Medicinal chemistry efforts towards the identification and development of inhibitors of phosphatidylinositol 3-kinases (PI3Ks) and related protein kinases for cancer treatment

3953 Constitutive activation of the PI3K/Akt pathway seems to be a prerequisite for a wide spectrum of cancers, either by loss / mutations of PTEN, acquisition of activating mutations in the PI3K catalytic subunit, or amplification / overexpression of receptor tyrosine kinases upstream of PI3K. In this respect, PI3K/Akt pathway components such as members of the class I PI3Ks represent well validated molecules for the discovery and development of targeted anticancer drugs. Although they have sub-optimal pharmaceutical properties, PI3K inhibitors like the fungal metabolite wortmannin and the morpholino derivative LY294002 have shown that this class of lipid kinases is drug-able.

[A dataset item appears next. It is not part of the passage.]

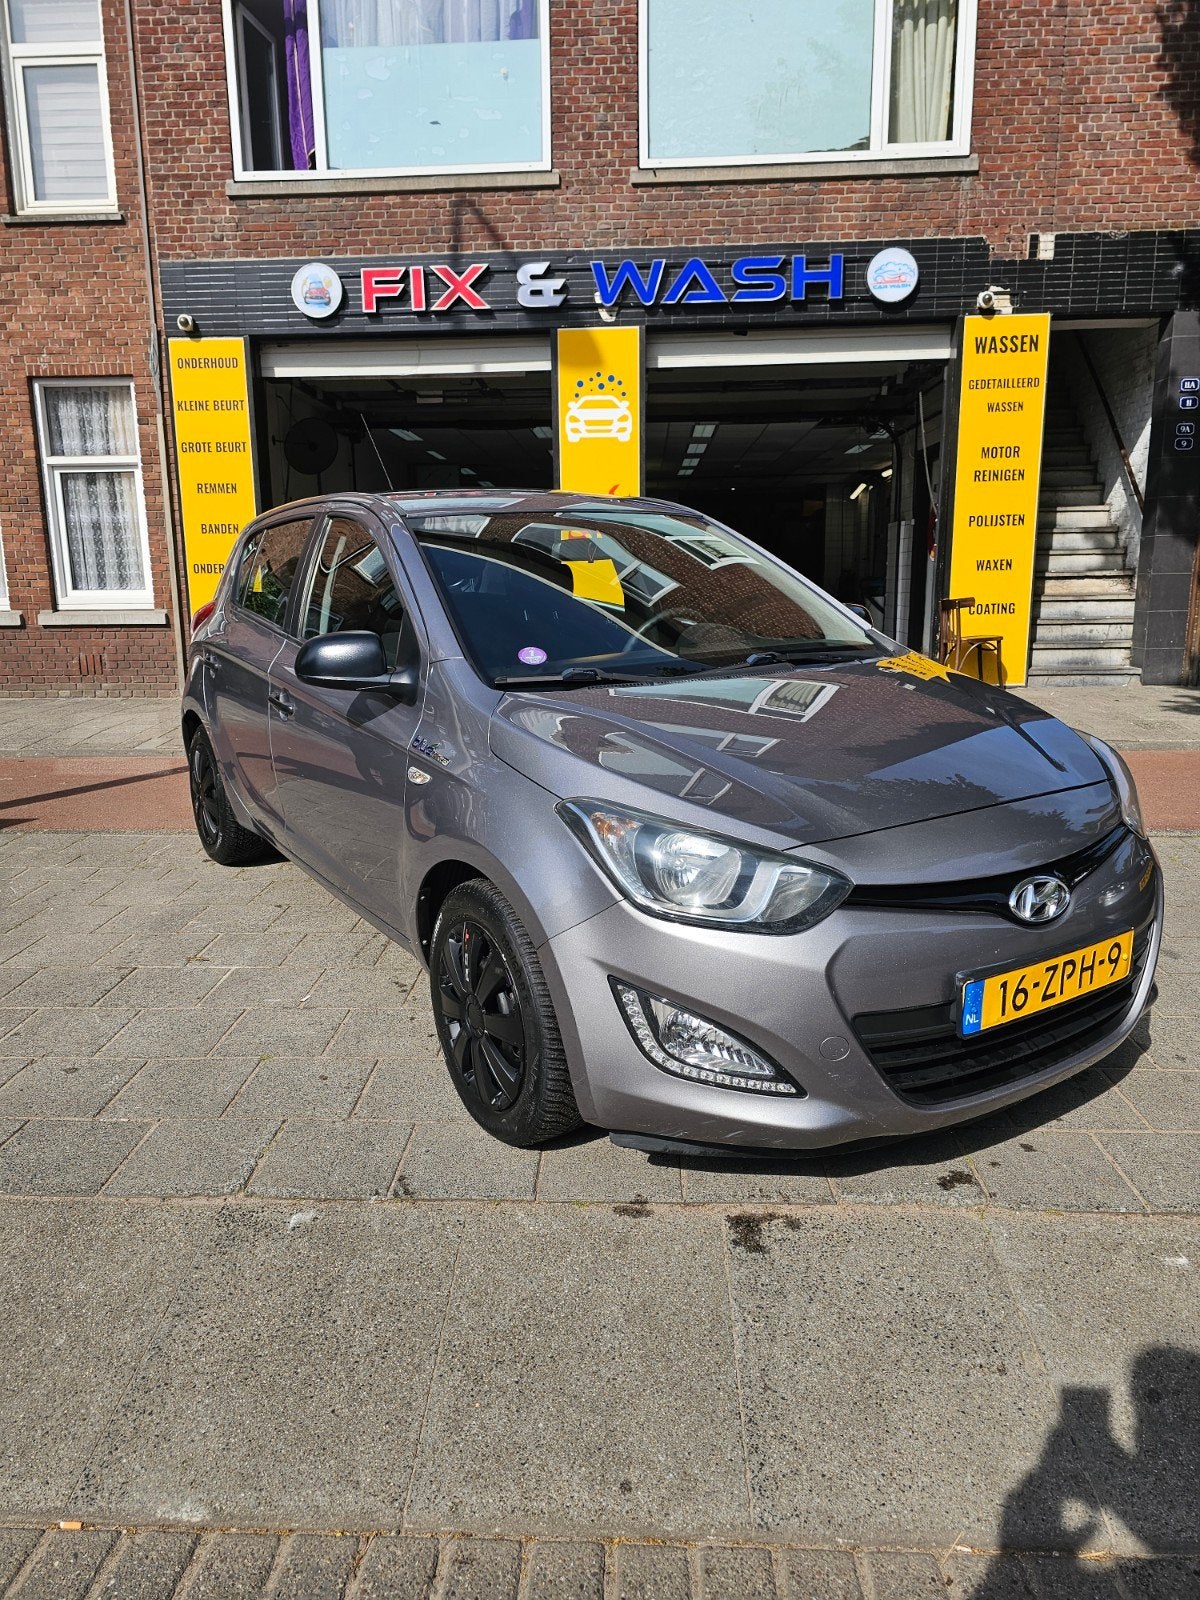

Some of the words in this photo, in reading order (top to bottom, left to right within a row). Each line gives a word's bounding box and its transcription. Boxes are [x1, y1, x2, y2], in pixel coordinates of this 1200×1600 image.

This poster is disclosing our medicinal chemistry efforts to identify and optimize new pan class I PI3K inhibitors using the privilege kinase inhibitor scaffold imidazo[4,5-c]quinoline. From extensive structure activity relationship and in vivo studies, a clinical candidate has been selected from this chemotype. This PI3K inhibitor, which has suitable pharmacological properties for clinical development, shows an efficient control of the PI3K/Akt pathway in tumor cells by inhibiting the phosphorylation of Akt in cellular and in vivo settings.